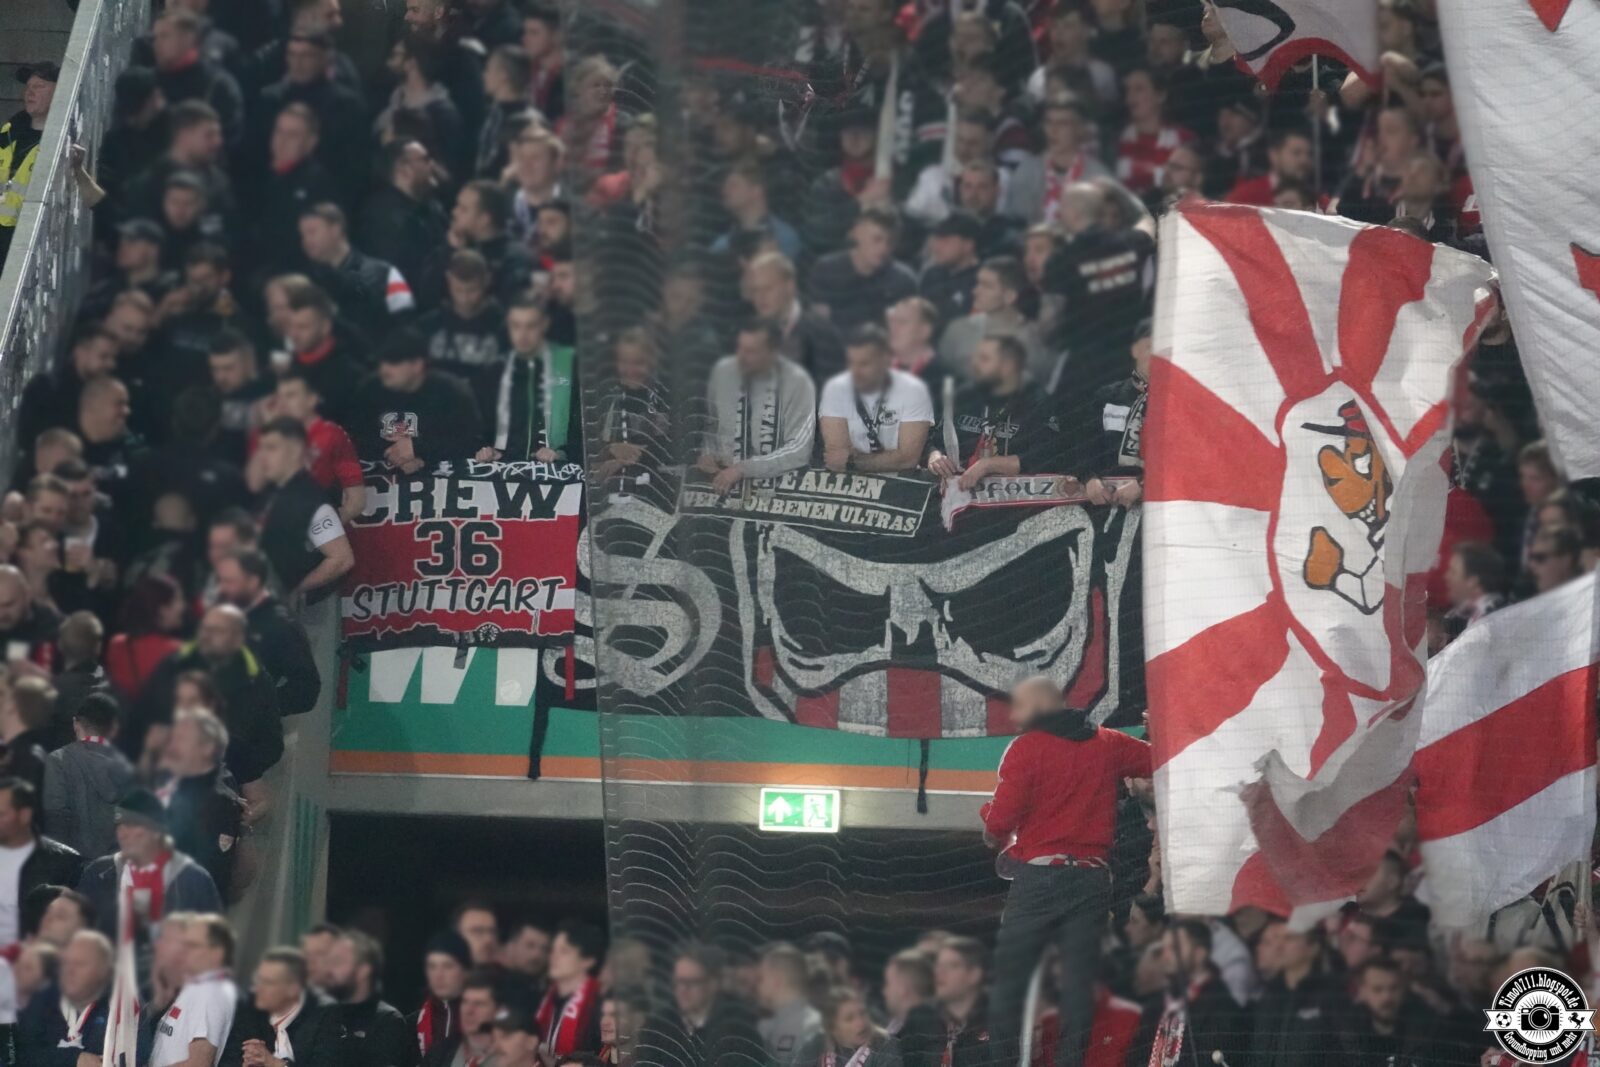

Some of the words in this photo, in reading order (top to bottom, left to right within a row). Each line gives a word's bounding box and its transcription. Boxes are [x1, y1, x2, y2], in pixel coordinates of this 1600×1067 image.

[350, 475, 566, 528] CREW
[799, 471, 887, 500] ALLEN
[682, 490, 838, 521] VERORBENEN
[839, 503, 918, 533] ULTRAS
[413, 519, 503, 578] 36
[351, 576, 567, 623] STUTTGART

- **WORK TO BE COMPLETED**
Write out every line above exactly as it is, leaving out the pictures.

- **RESPONSE BELOW**
Some of the words in this photo, in reading order (top to bottom, left to right within a row). Each line gives a word's bounding box and its transcription. Boxes are [x1, y1, x2, y2], in pixel coordinates of this 1600×1067 image.

[350, 475, 566, 528] CREW
[799, 471, 887, 500] ALLEN
[682, 490, 838, 521] VERORBENEN
[839, 503, 918, 533] ULTRAS
[413, 519, 503, 578] 36
[351, 576, 567, 623] STUTTGART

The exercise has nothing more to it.